### Task objective
When you transcribe the entries, reproduce every character and exclude the images.
===== Exercise input
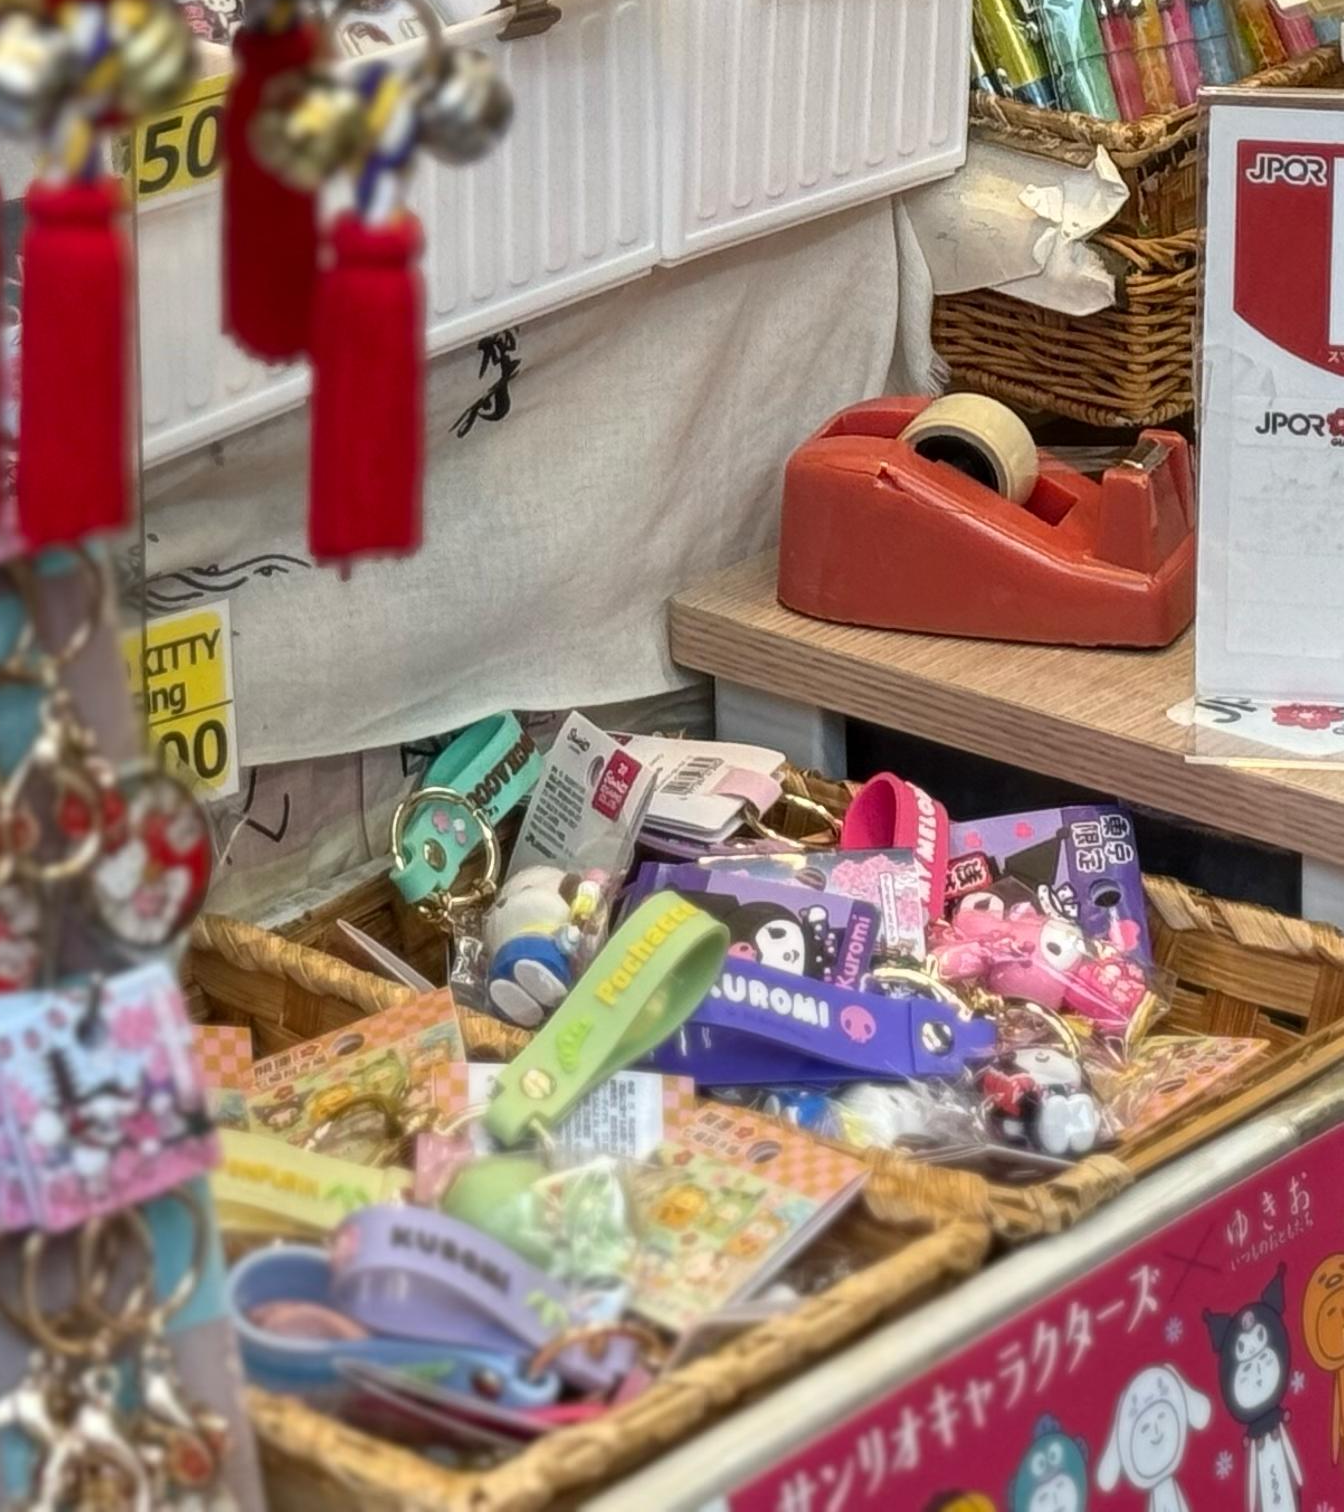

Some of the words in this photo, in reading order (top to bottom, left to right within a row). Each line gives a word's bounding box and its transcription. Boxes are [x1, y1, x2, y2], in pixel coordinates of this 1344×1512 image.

[124, 104, 223, 192] 50
[1246, 154, 1329, 186] JPQR
[1254, 409, 1326, 440] JPQR
[144, 682, 188, 716] ing
[162, 718, 229, 780] 00
[835, 913, 872, 990] Kuromi
[1224, 1170, 1312, 1248] ゆきお
[773, 1263, 1165, 1511] サンリオキャラクターズ
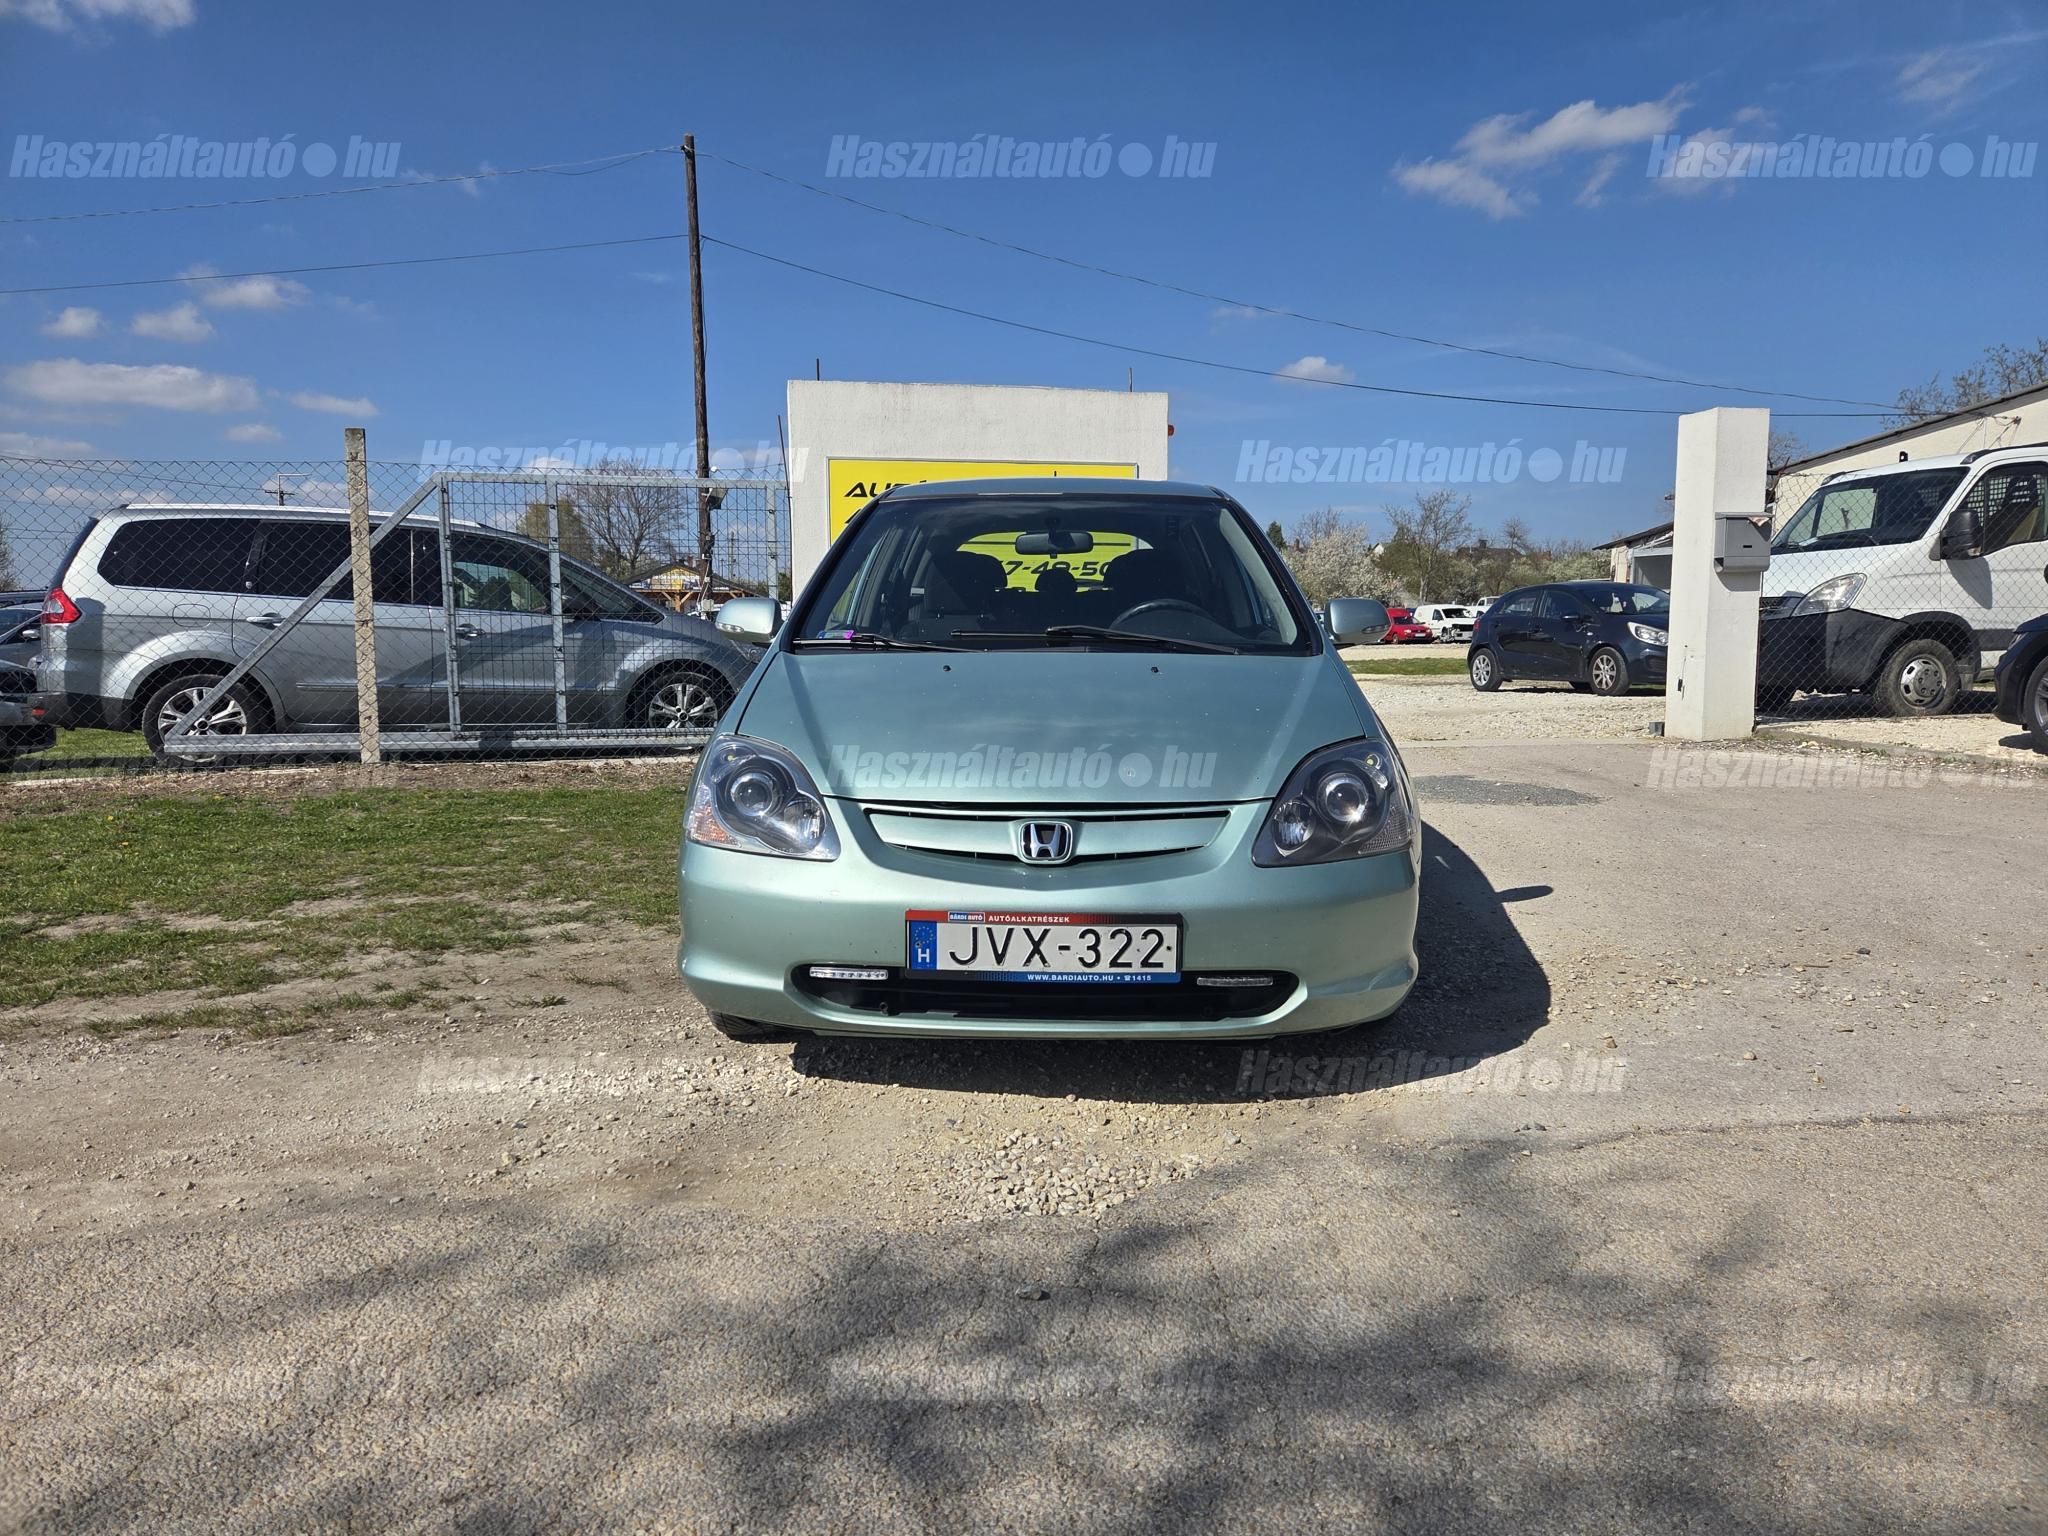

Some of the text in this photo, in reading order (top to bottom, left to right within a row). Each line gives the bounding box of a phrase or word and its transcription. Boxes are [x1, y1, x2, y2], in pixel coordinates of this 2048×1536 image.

[988, 914, 1070, 923] AUTÓALKATRÉSZEK
[949, 926, 1165, 968] JVX-322
[917, 948, 930, 963] H
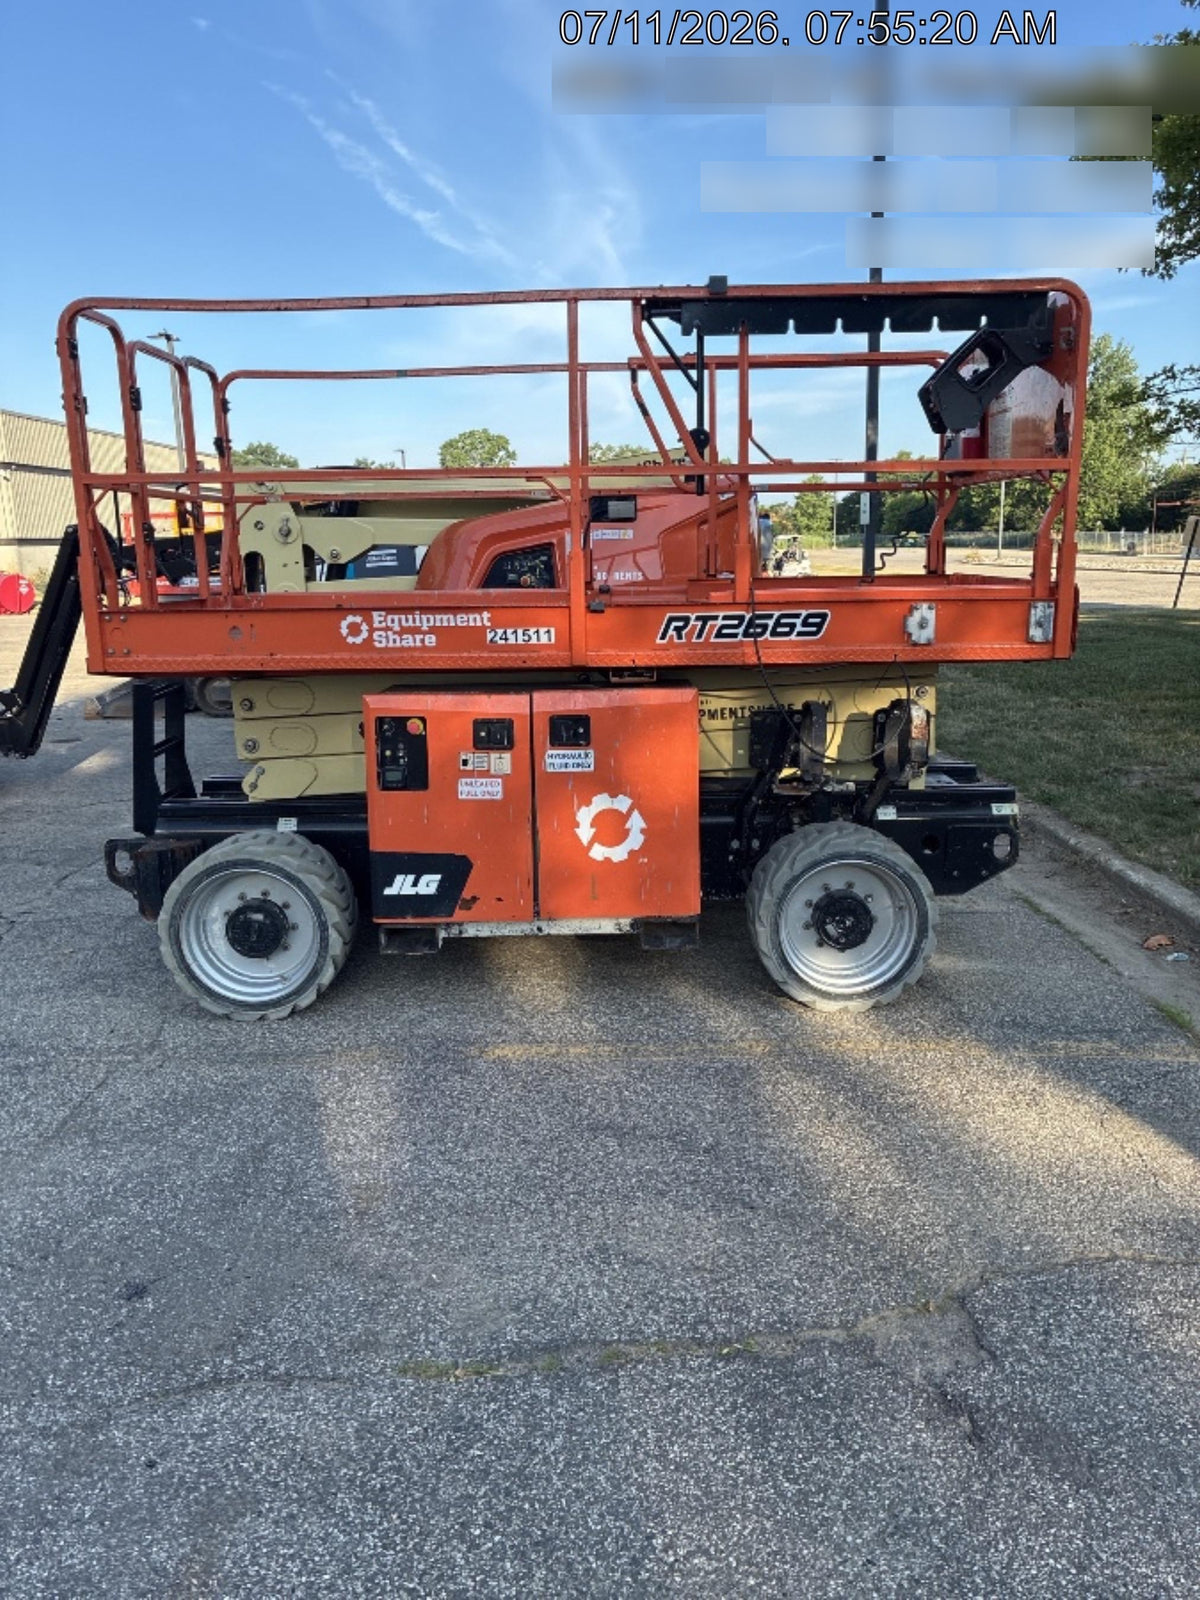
==========
### Response
Some of the words in this photo, in reading order (top to bottom, left to right within a row). Each line gives a word's bounding box and its transcription. Boxes are [x1, y1, x2, y2], in pixel coordinates of this 1344×1512 image.

[124, 104, 223, 192] 50
[1246, 154, 1329, 186] JPQR
[1254, 409, 1326, 440] JPQR
[144, 682, 188, 716] ing
[162, 718, 229, 780] 00
[835, 913, 872, 990] Kuromi
[1224, 1170, 1312, 1248] ゆきお
[773, 1263, 1165, 1511] サンリオキャラクターズ

Some of the text in this photo, in reading order (top to bottom, left to right within a row). Each line gives the bounding box of a phrase or word and its transcription. Boxes are [x1, y1, x2, y2], in pixel coordinates of this 2048×1536 image.

[988, 914, 1070, 923] AUTÓALKATRÉSZEK
[949, 926, 1165, 968] JVX-322
[917, 948, 930, 963] H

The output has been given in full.